A hallway incident between Rep. Kevin McCarthy, R-Calif., and Rep. Tim Burchett, R-Tenn., is now an issue for the House Ethics Committee to tackle.
Rep. Matt Gaetz, R-Fla., has asked the panel to investigate a physical interaction between the former speaker and Burchett, one of the Republicans who backed the effort to oust McCarthy from the speaker perch.
Burchett said McCarthy elbowed him in the back after the GOP conference meeting, according to an account by an NPR reporter who witnessed it. He chased after McCarthy and called him a “jerk” and a “pathetic man.”
Burchett later told CNN that McCarthy hit him with a “sucker punch” and a “shot to the kidneys” that “still hurts.”
Gaetz wrote to Ethics Chairman Michael Guest, R-Miss., and ranking member Susan Wild, D-Pa., asking the panel to investigate what he described as an “assault,” one of many “breaches of decorum” the chamber has seen of late.
“I myself have been a victim of outrageous conduct on the House floor as well, but nothing like an open and public assault on a Member, committed by another Member. The rot starts at the top,” Gaetz wrote.
Gaetz used a commonly cited — and very wide-ranging — piece of language in the Code of Official Conduct that notes a member “shall behave at all times in a manner that shall reflect credibly on the House,” a standard he says McCarthy violated.
Tom Rust, staff director for the Ethics Committee, declined to comment.
McCarthy told CNN: “I think ethics is a good place for Gaetz to be.”
Gaetz was admonished by the Ethics panel in 2021 for a threatening tweet he directed at Michael Cohen, the ex-personal lawyer for former President Donald Trump.
Also in 2021, the panel opened an investigation into whether Gaetz engaged in sexual misconduct and illicit drug use, converted campaign funds for personal use and accepted a bribe.

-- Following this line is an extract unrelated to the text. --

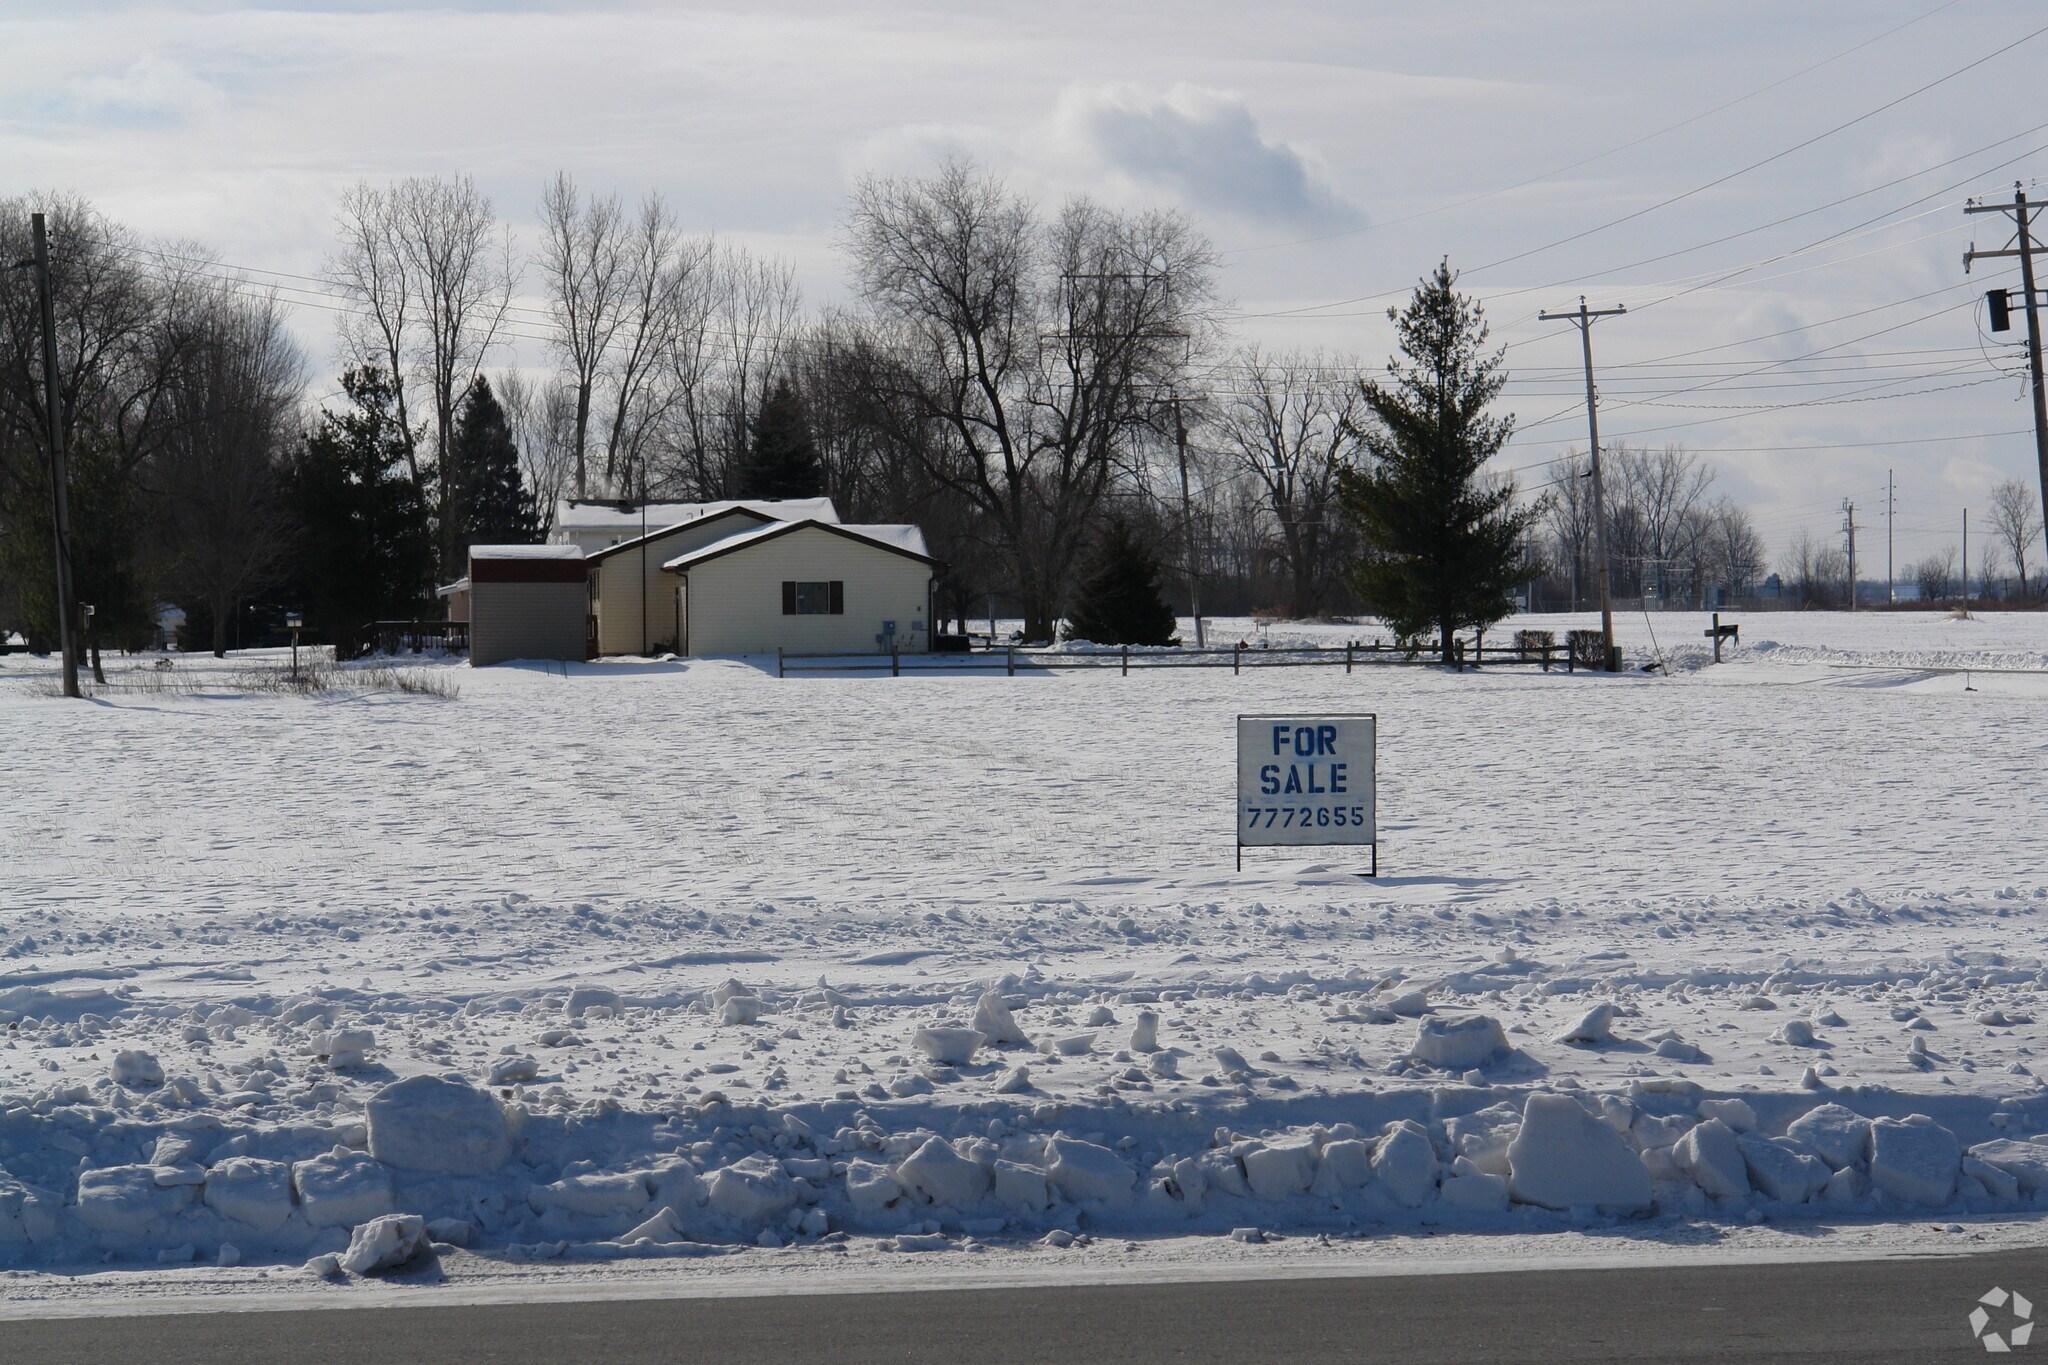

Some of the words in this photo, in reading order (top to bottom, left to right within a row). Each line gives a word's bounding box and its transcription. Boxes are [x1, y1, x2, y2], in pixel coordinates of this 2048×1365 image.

[1273, 725, 1337, 756] FOR
[1260, 763, 1347, 795] SALE
[1247, 806, 1364, 828] 7772655

His office, in February, confirmed that the Department of Justice decided not to charge him in a federal sex-trafficking investigation.

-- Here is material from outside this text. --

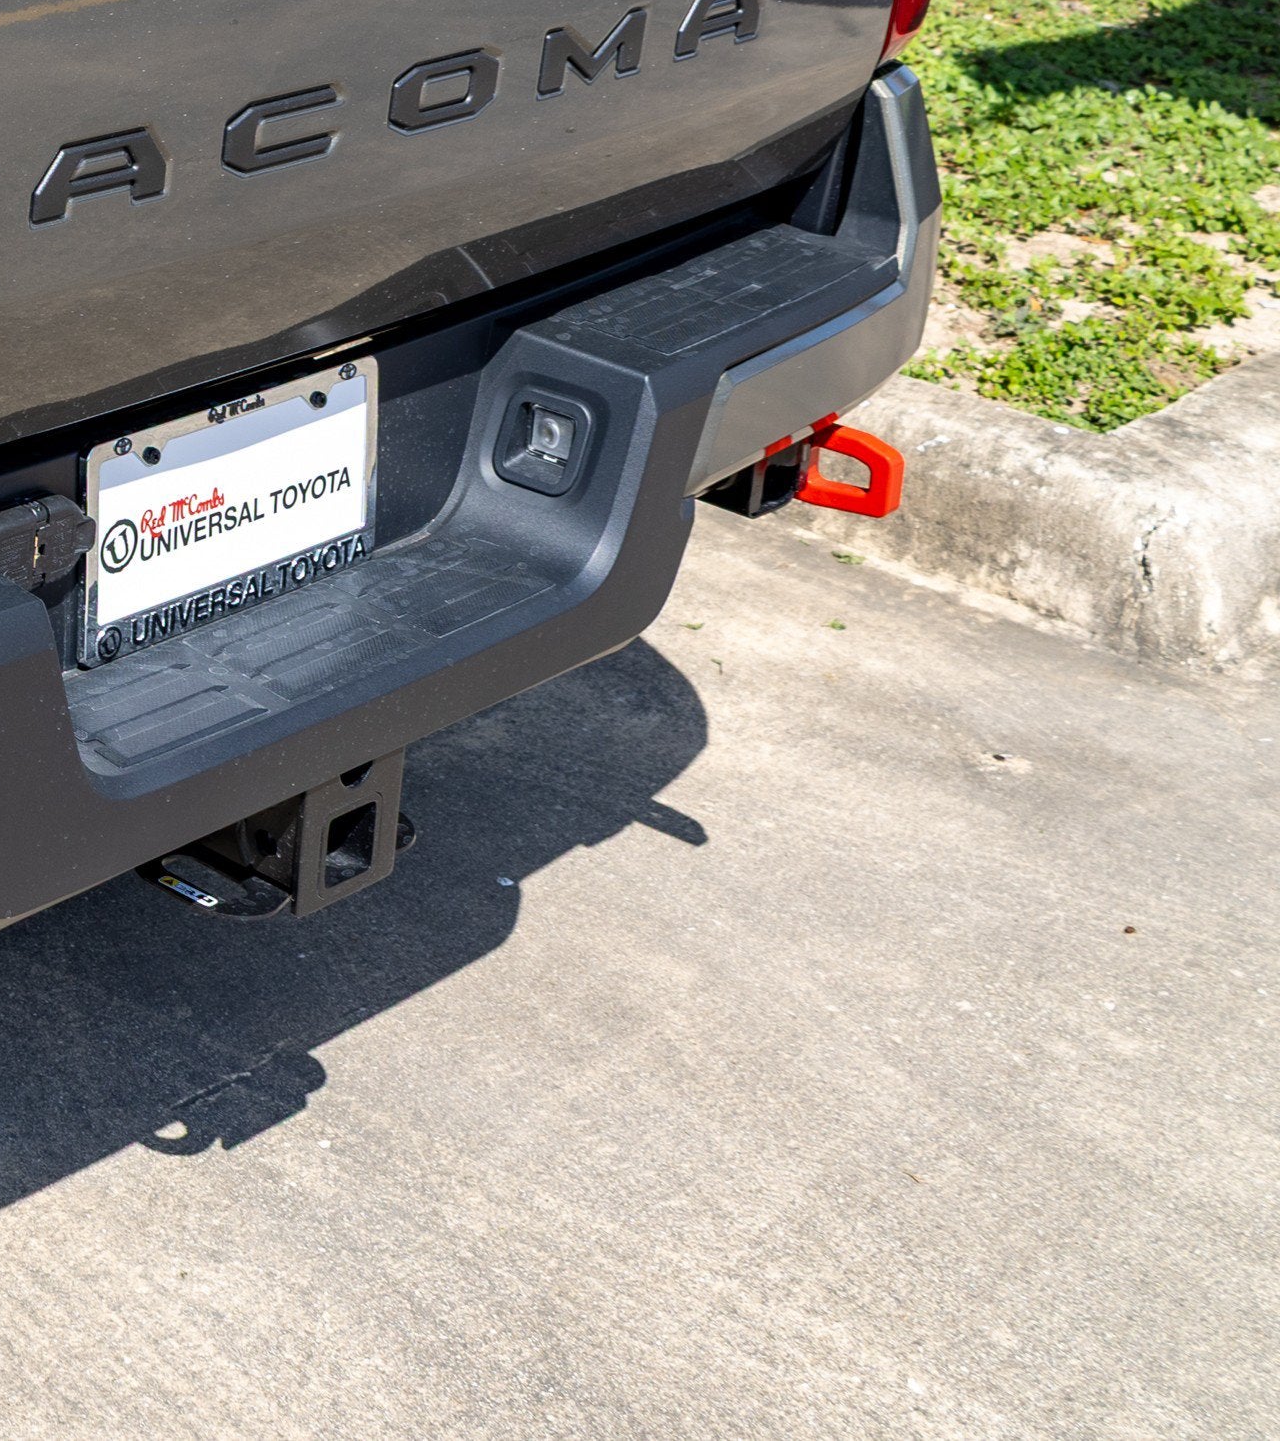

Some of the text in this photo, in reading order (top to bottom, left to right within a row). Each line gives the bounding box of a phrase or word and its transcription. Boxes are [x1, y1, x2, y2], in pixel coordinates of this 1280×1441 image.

[140, 497, 265, 562] UNIVERSAL
[269, 466, 352, 514] TOYOTA
[140, 505, 167, 539] Red
[130, 534, 367, 646] UNIVERSAL TOYOTA

McCarthy otherwise denied anything intentional in what was a crowded hallway. “I did not run and hit the guy, I didn’t kidney punch him, I did not shove him,” McCarthy told reporters.
He suggested maybe their elbows bumped as he walked by because he didn’t even notice.

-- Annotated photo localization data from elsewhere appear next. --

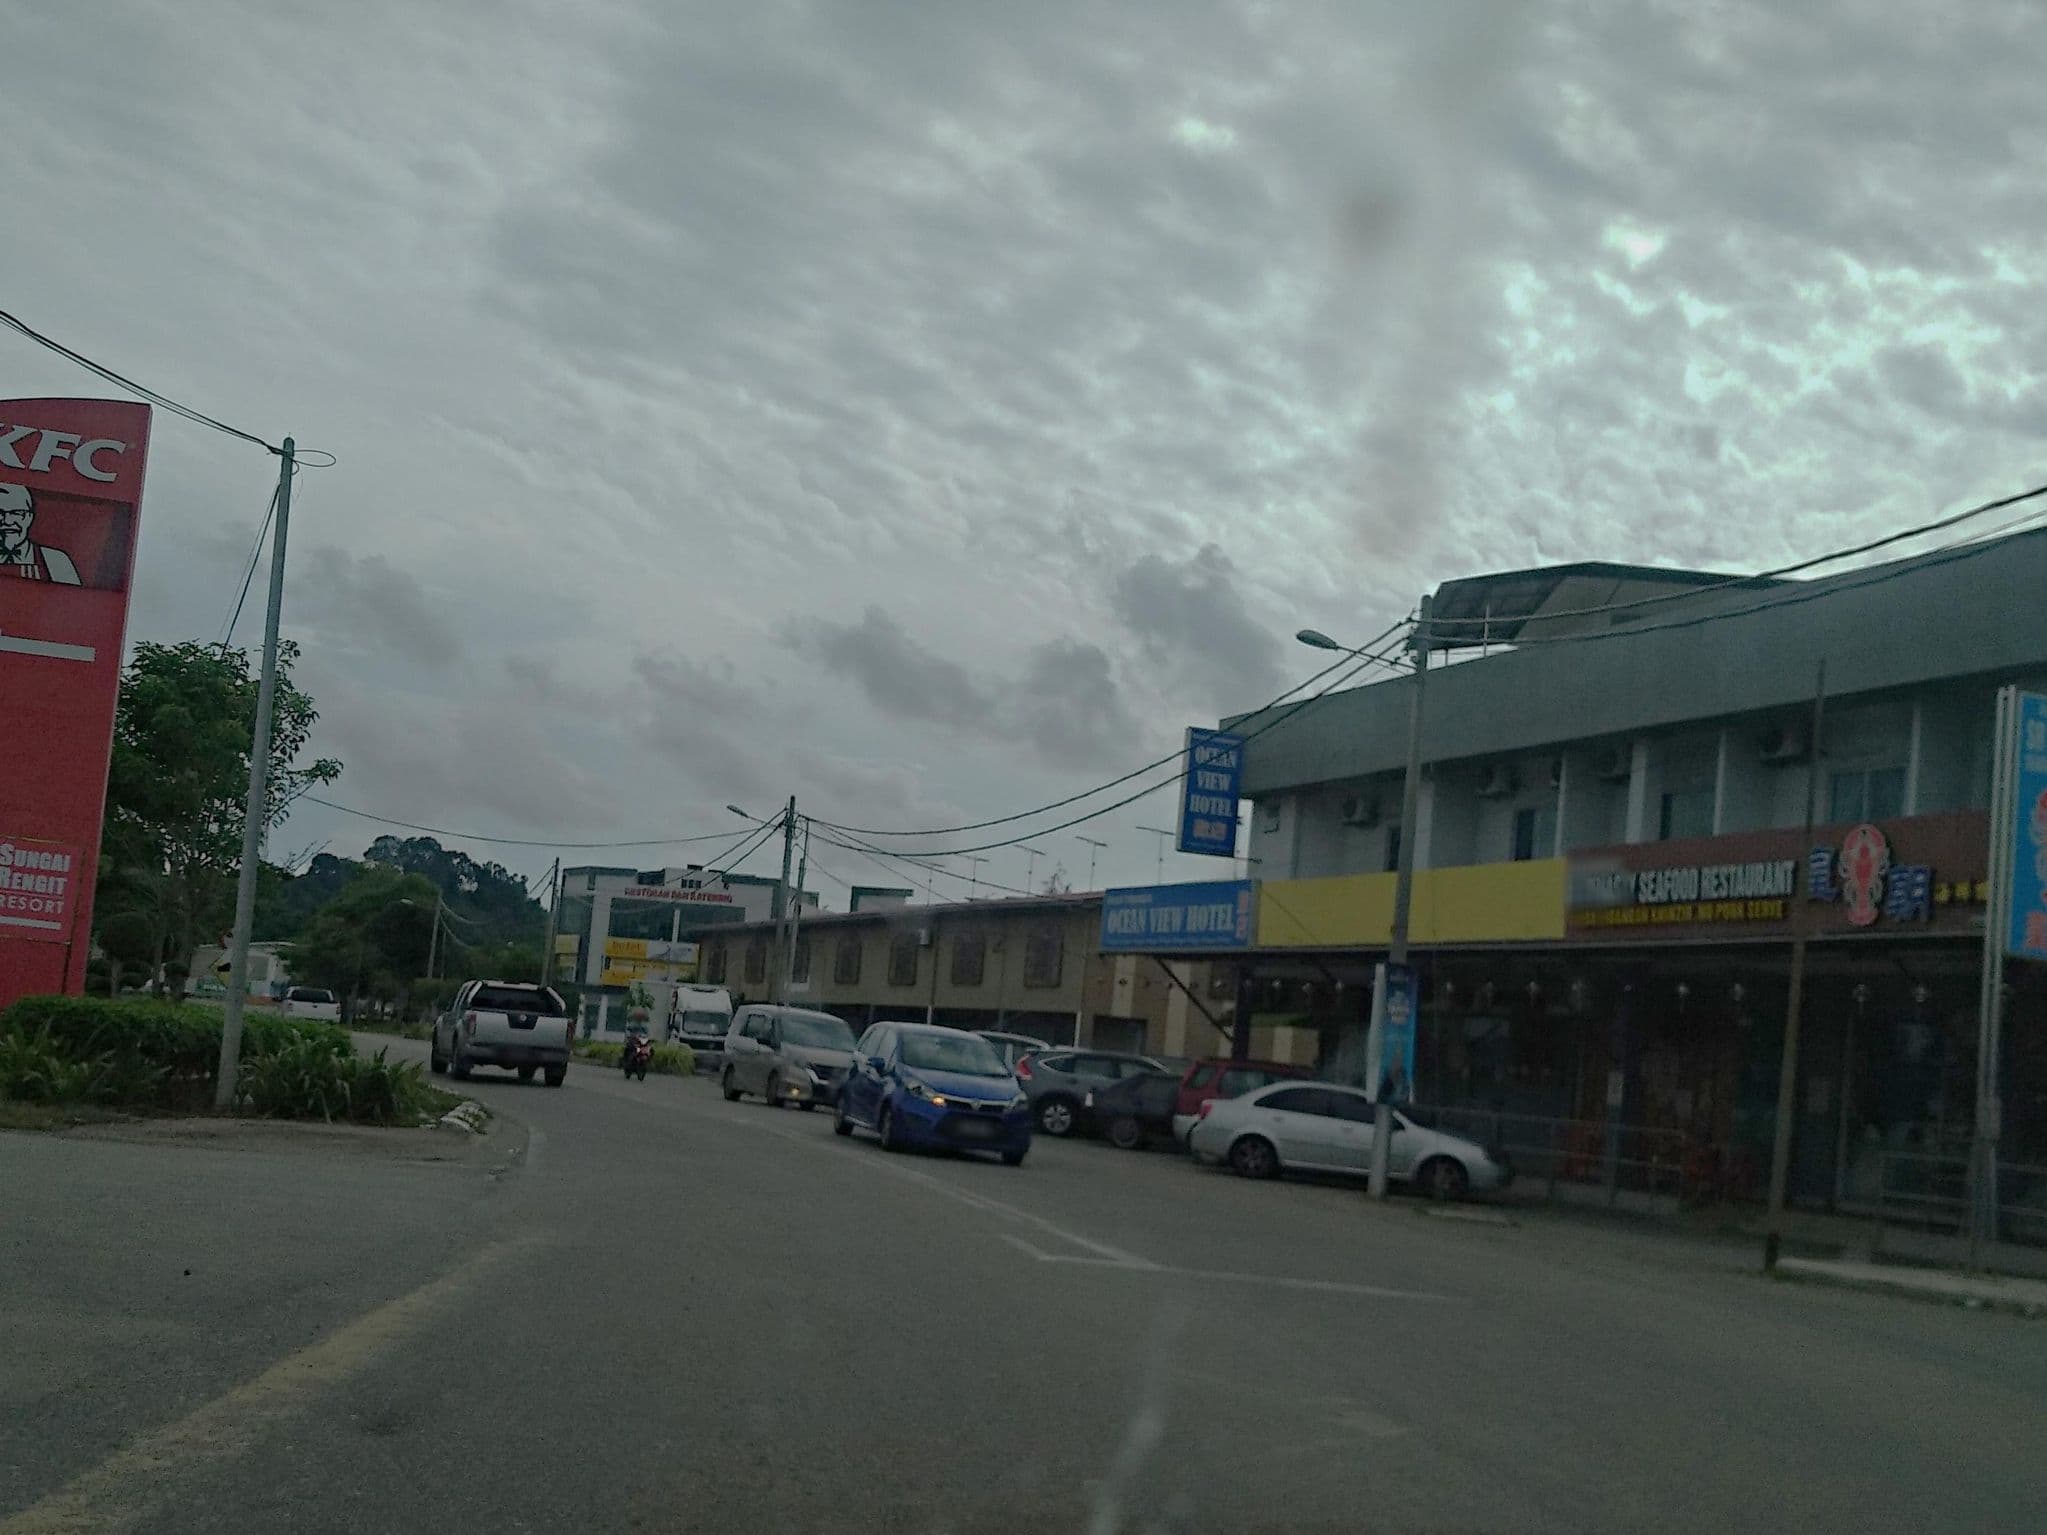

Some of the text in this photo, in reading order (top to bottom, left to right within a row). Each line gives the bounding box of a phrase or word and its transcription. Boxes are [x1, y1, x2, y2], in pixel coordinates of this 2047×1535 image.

[0, 422, 127, 482] KFC
[1197, 770, 1232, 791] VIEW
[1189, 794, 1232, 817] HOTEL
[1638, 867, 1698, 904] SEAFOOD
[1700, 860, 1796, 900] RESTAURANT
[1107, 908, 1146, 934] OCEAN
[1149, 906, 1184, 933] VIEW
[1186, 904, 1234, 931] HOTEL

Burchett, in response to McCarthy saying the bump was unintentional and that the hallway was crowded, said McCarthy has changed his story several times.
“Take your pick. It doesn’t matter. I don’t really care because he has a history, in my opinion, of this kind of activity,” Burchett said.
He called the McCarthy incident a “sad asterisk on a career.”
“In Tennessee, if somebody has a problem with you, they come to you and look you in the eye and they don’t come up behind you, and maybe that’s what they do in Southern California, but that’s not what we do in Tennessee,” Burchett said.
Burchett said he appreciates Gaetz “having my back” but said he doesn’t support an ethics complaint.
Burchett said he’s still in a little bit of pain but won’t see a doctor or pursue charges.